• _Task details_: Every record must be copied exactly. Leave nothing out.

• _Text-to-region grounding data_:
□ □ □ □

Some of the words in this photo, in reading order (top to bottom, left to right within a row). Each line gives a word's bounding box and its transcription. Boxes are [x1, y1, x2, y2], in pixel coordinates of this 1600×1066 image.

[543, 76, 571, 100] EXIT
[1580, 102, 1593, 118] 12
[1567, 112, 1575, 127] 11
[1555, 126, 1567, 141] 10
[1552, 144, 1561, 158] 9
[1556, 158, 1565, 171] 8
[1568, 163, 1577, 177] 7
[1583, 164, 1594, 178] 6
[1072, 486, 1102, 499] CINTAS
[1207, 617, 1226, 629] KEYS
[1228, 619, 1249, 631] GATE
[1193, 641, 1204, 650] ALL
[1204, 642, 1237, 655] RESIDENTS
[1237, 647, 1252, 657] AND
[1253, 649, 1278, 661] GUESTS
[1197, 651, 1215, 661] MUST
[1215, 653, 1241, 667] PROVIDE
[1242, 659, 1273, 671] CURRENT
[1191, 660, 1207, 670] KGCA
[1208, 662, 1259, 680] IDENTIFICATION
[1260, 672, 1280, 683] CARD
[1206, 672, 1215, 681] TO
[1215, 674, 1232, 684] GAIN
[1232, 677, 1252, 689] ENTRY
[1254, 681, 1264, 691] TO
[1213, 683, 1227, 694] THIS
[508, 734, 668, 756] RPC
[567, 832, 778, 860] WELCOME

□ □ □ □

• _Solution for this problem_:
Some of the words in this photo, in reading order (top to bottom, left to right within a row). Each line gives a word's bounding box and its transcription. Boxes are [x1, y1, x2, y2], in pixel coordinates of this 1600×1066 image.

[543, 76, 571, 100] EXIT
[1580, 102, 1593, 118] 12
[1567, 112, 1575, 127] 11
[1555, 126, 1567, 141] 10
[1552, 144, 1561, 158] 9
[1556, 158, 1565, 171] 8
[1568, 163, 1577, 177] 7
[1583, 164, 1594, 178] 6
[1072, 486, 1102, 499] CINTAS
[1207, 617, 1226, 629] KEYS
[1228, 619, 1249, 631] GATE
[1193, 641, 1204, 650] ALL
[1204, 642, 1237, 655] RESIDENTS
[1237, 647, 1252, 657] AND
[1253, 649, 1278, 661] GUESTS
[1197, 651, 1215, 661] MUST
[1215, 653, 1241, 667] PROVIDE
[1242, 659, 1273, 671] CURRENT
[1191, 660, 1207, 670] KGCA
[1208, 662, 1259, 680] IDENTIFICATION
[1260, 672, 1280, 683] CARD
[1206, 672, 1215, 681] TO
[1215, 674, 1232, 684] GAIN
[1232, 677, 1252, 689] ENTRY
[1254, 681, 1264, 691] TO
[1213, 683, 1227, 694] THIS
[508, 734, 668, 756] RPC
[567, 832, 778, 860] WELCOME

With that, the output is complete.